Born and raised in Goleta, Dafoe first developed an interest in wine while traveling the globe as a professional snowboarder and photographer. After retiring from snowboarding due to injuries, his growing curiosity in wine inspired his next endeavor: producing a documentary film about the winemaking process. From Ground to Glass, which
premiered at the 2006 Santa Barbara International Film Festival, captured Dafoe’s maiden voyage into winemaking as he learned from trailblazers in the industry, and thus ushered in his new career path.
Today, Dafoe continues his winemaking journey, making limited-production wines for his small label, Dafoe Wines. “My goal is to craft wines that just grab you, wines of substance and texture, filled with character and elegance,” he explains. “I think we all look for that in a great wine—it’s never just one thing, it’s everything. I want to make wines that I, myself, want to find when I buy a bottle.”
Emphasizing minimal intervention and an artisanal touch, Dafoe describes his style as “pretty hands-off,” meaning he
tries “to stay away from additions, filtrations, and interventions.” He adds, “I don’t follow trends, but I’m not afraid to push things. I love classic wine, but then also experimenting with lesser-known or cared about varieties and uncommon blends. Analog wines in a digital world.”
This exploratory approach is also reflected in the vineyards he chooses to work with. “I actively seek out small, family-owned vineyards, usually one- to twoacre parcels that I often end up farming with the help of friends,” he shares. “These sites tend to be super unique, and it’s intriguing to me to explore the subtleties of each site through the wine.”

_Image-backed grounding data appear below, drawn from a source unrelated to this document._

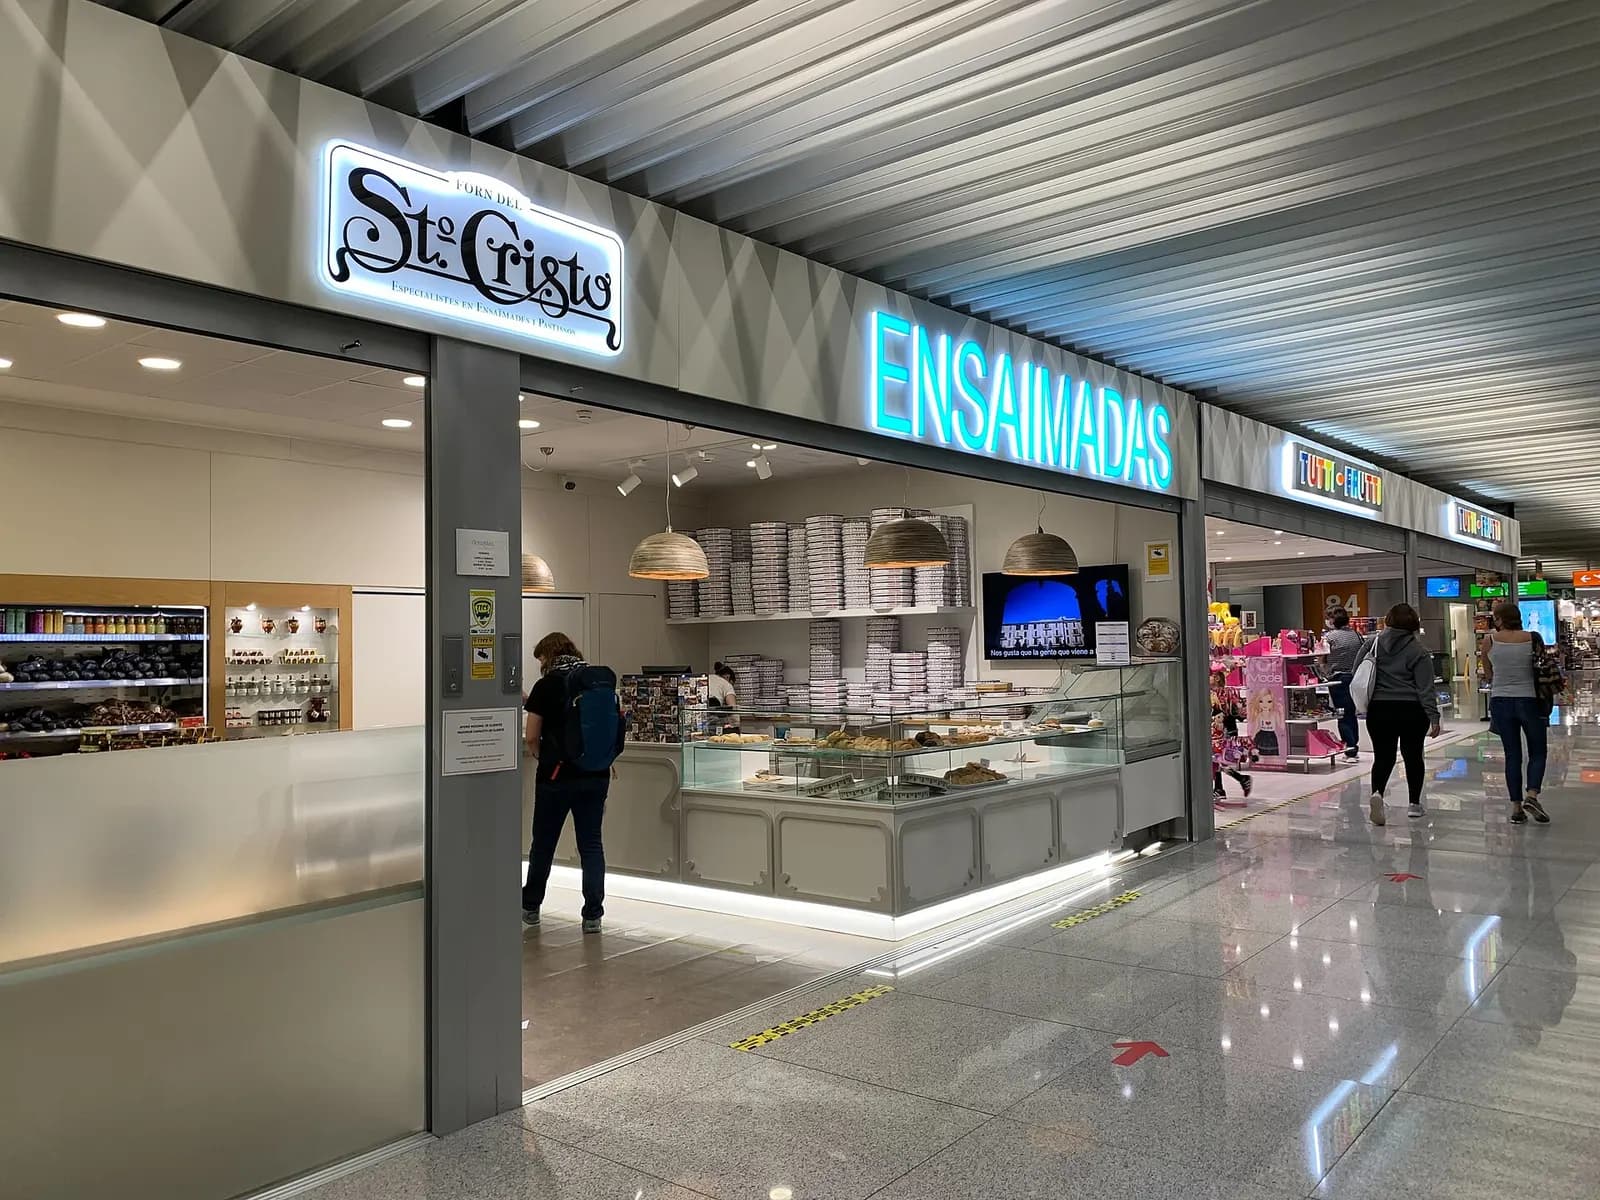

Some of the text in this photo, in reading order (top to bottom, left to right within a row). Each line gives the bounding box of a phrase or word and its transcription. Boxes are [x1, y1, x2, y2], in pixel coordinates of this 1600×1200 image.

[456, 179, 522, 210] FORN DEL
[461, 210, 611, 318] Cristo
[872, 311, 1172, 490] ENSAIMADAS
[1300, 451, 1382, 506] TUTTI FRUTTI
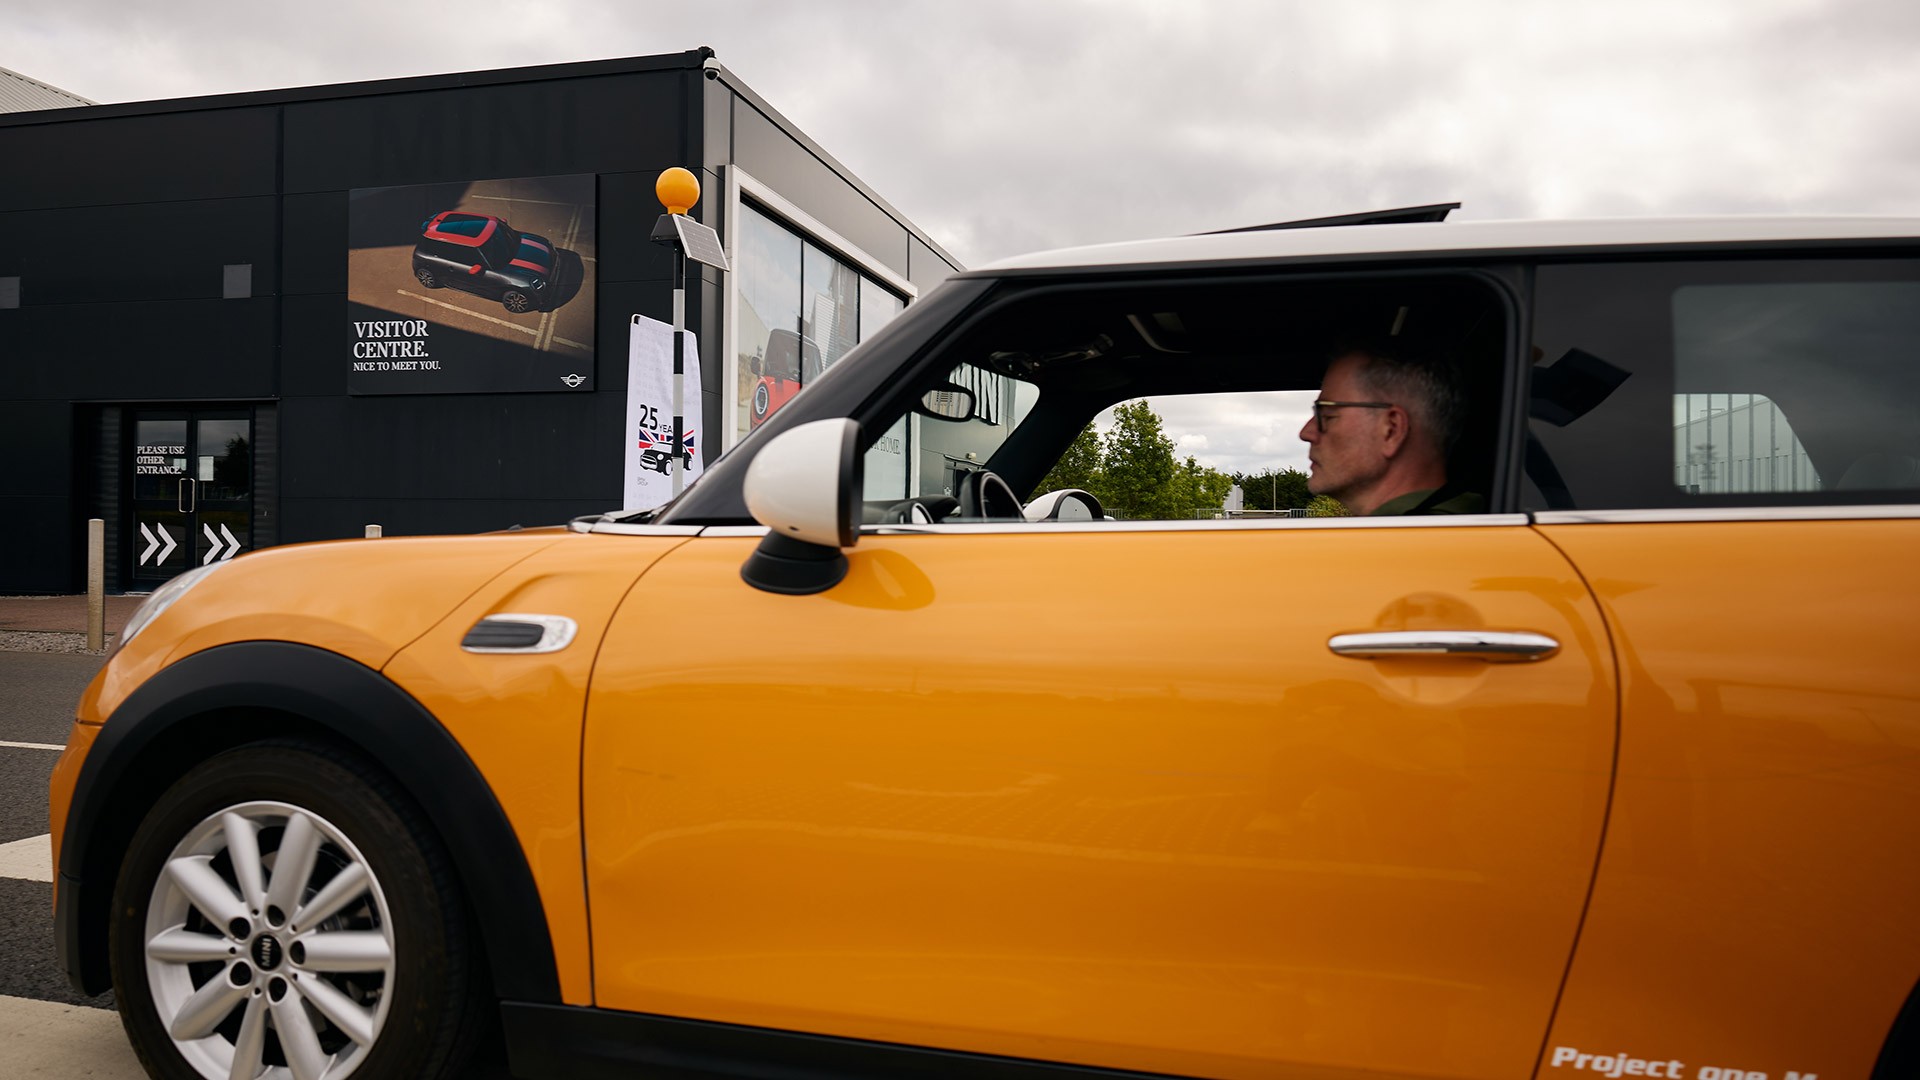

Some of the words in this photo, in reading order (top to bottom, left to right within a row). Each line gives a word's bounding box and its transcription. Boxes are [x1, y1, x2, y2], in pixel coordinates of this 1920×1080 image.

[353, 320, 429, 338] VISITOR
[353, 340, 429, 359] CENTRE.
[353, 362, 375, 371] NICE
[377, 361, 390, 371] TO
[391, 361, 418, 371] MEET
[419, 360, 441, 370] YOU.
[639, 404, 658, 431] 25
[137, 446, 168, 455] PLEASE
[169, 446, 185, 455] USE
[136, 456, 165, 465] OTHER
[261, 938, 273, 967] MINI
[1551, 1046, 1685, 1079] Project
[1697, 1066, 1768, 1080] one

Dafoe’s wines are available in the Los Olivos tasting room he runs with his wife, Emily, which they opened on Grand Avenue
two years ago. Intimate yet airy, the space features tasteful rustic accents along with some of Dafoe’s own photographs, and serves as a reflection of the couple’s joint commitment to this labor of love.
“Working on this endeavor alongside my family is a beautiful thing,” says Dafoe, who also mentions that the couple’s young son often accompanies them in the tasting room and cellar. “Winemaking is a way of life; I feel grateful to be on this journey here, close to where I grew up. I hope to continue to live with passion and reverence for the craft, faith in the land, and a commitment to keeping it simple in the cellar.”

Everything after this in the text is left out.